The run.py Template#

Whether you compile on a CPU node using the csrun_cpu script, or run on the Cerebras system using the csrun_wse script, you must pass a full Python command along with its command line arguments, as an argument to the script.

This section presents an example Python template run.py with a detailed description of the supported options and flags. Note that this applies to the pipeline workflow, not for weight streaming.

Note

The run.py described below is an example template only. If you are developing in TensorFlow, you can organize your code whichever way that best suits you, as long as you use CerebrasEstimator. If you are developing in PyTorch you can use the run function, common to all implementations in the Cerebras Model Zoo git repository. You can find more about the run function in the adapting-pytorch-to-cs document.

For TensorFlow code, see the following diagram showing a simplified run.py example using the CerebrasEstimator and the CGC flow.

../_images/run-py-cerebrasestimator-cgc.jpg — Fig. 2 Cerebras Graph Compiler for the CS system#

Syntax#

python run.py -p --params <PATH-TO-YAML-FILE> \
              -o --model_dir <PATH-TO-MODEL-DIR> \
              --cs_ip <CS system-IP-ADDRESS> \
              --steps <INTEGER> \
              --max_steps <INTEGER> \
              -m --mode <MODE-TO-RUN> \
              --compile_only \
              --device <SPECIFY-DEVICE-TO-RUN-ON> \
              --checkpoint_path <INITIALIZE WEIGHTS FROM> \

where:

Arguments#

params#

-p --params: Required. String. Path to the YAML file that contains the model parameters.

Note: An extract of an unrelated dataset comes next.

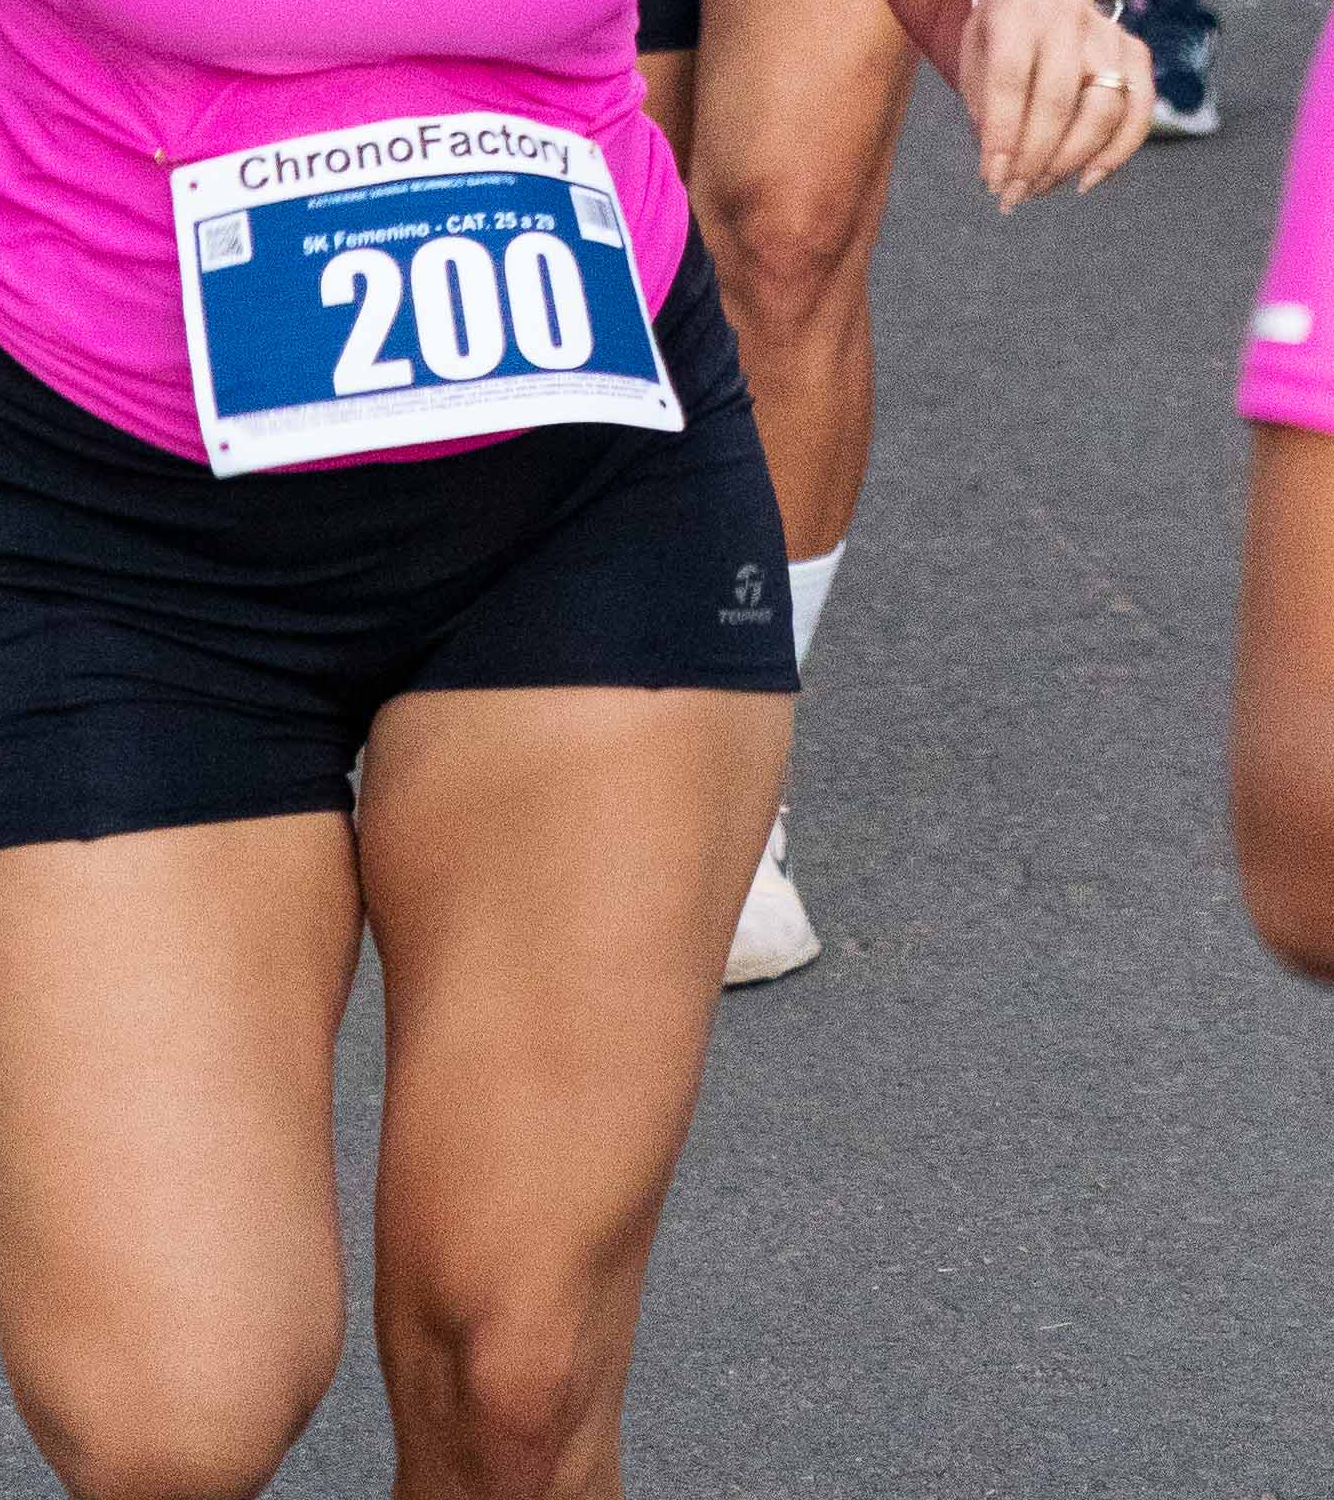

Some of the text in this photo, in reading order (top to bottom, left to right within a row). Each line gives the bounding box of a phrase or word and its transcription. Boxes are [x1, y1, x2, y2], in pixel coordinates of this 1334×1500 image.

[238, 123, 571, 191] ChronoFactory
[333, 222, 430, 251] Femenino
[320, 230, 596, 397] 200
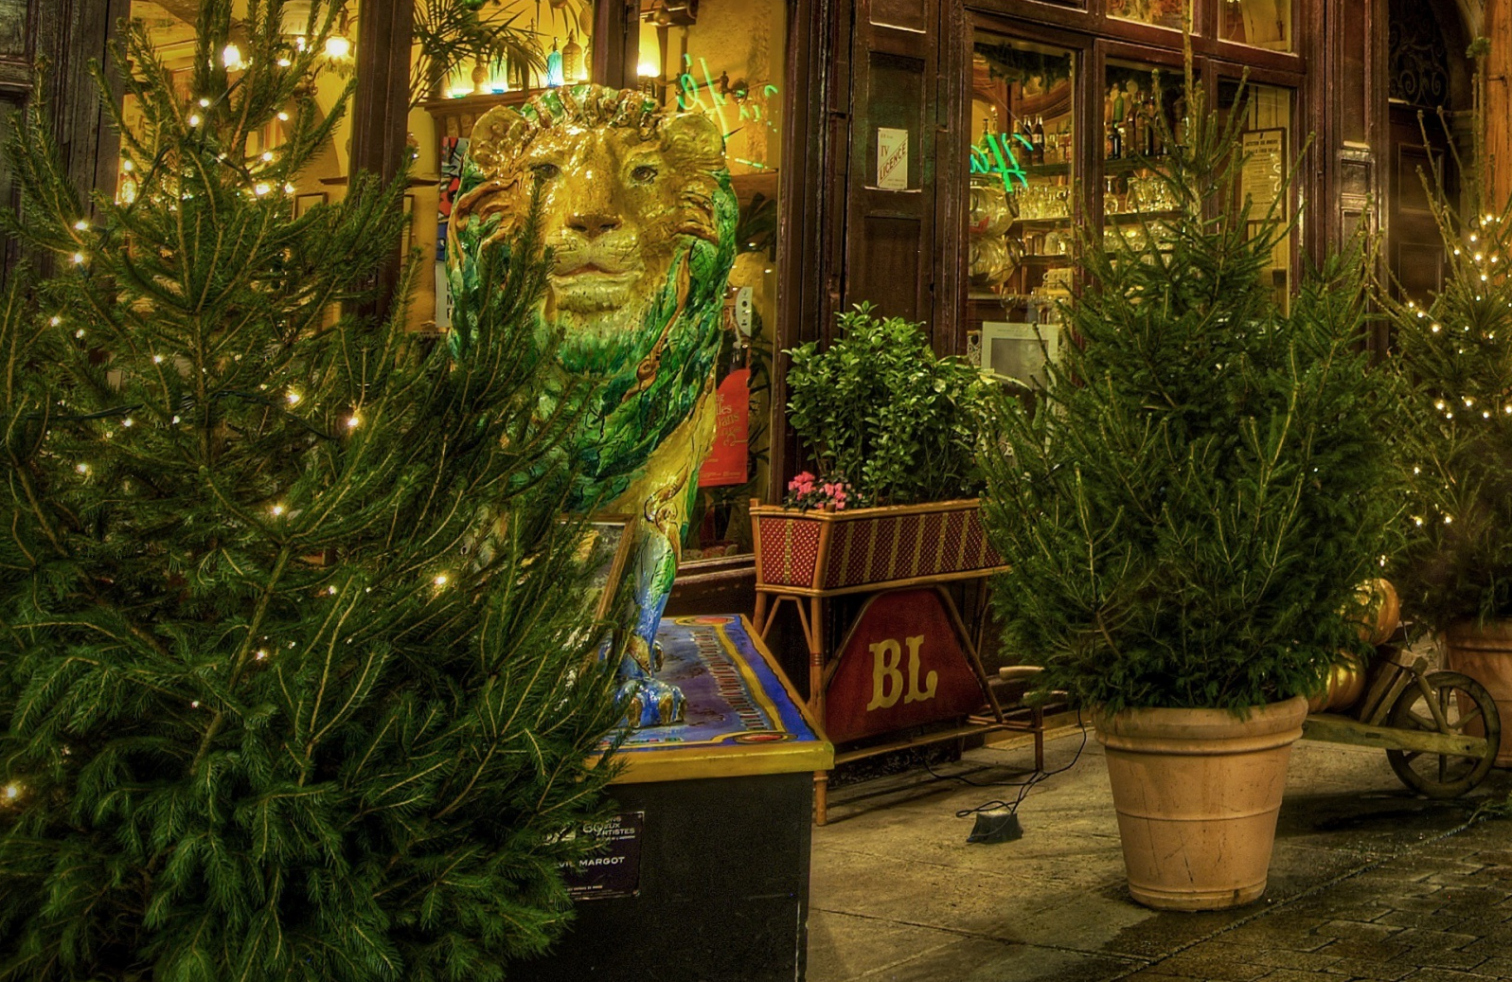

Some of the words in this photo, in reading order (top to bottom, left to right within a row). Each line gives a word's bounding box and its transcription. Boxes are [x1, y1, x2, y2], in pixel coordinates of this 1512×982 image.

For example: --params configs/params_bert_base_msl512.yaml.

model_dir#

-o --model_dir: Optional. String. The location where your model and all the outputs such as checkpoints and event files are stored. If the directory exists, then the weights are loaded from the checkpoint file. Same as the model_dir passed to the tf.estimator. Default value is current directory of execution. See also tf.estimator.Estimator.

cs_ip#

--cs_ip: Optional. The IP address of the CS system. Format should be IP-ADDRESS:PORT. Default value is None. This option is ignored on GPU.

steps#

--steps: Optional. Integer. The number of steps to run the train mode. Runs for the specified number of steps either while starting from the beginning or while continuing from a checkpoint. Default value is None.

max_steps#

--max_steps: Optional. Integer. The total number of steps to run the train mode, or for training in the train_and_eval mode. If the run is continuing from a checkpoint that was made at or after max_steps, then the run will stop. If the run is continuing from a checkpoint that was made at less than max_steps, then it will run for the number of steps remaining between the checkpoint and the max_steps. Default value is None.

eval_steps#

--eval_steps: Integer. Optional on the GPU but required when running on the CS system. The total number of steps to run eval or eval_all modes, or for evaluation in train_and_eval mode. Runs once for the specified number.

mode#

-m --mode: Required. String. Set the mode for your neural network. Allowed choices are:
- train: In this mode the compiler will compile, and run the training on the CS system. If cs_ip is not specified, then runs the training on the CPU or GPU.
- eval: In this mode the evaluation will run on CPU or GPU. For some neural network models, this is experimentally supported on the CS system.
- eval_all: In this mode the evaluation will run on CPU or GPU for all the available checkpoints. This mode is not yet supported on the CS system.
- train_and_eval: In this mode the training and evaluation will be run on CPU or GPU.
- predict: In this mode the prediction (inference) will run on CPU or GPU. For some neural network models, this is experimentally supported on the CS system.

compilation flags#

--validate_only: In this mode the compiler will stop after the kernel matching phase. Available in Pipelined execution mode for TensorFlow.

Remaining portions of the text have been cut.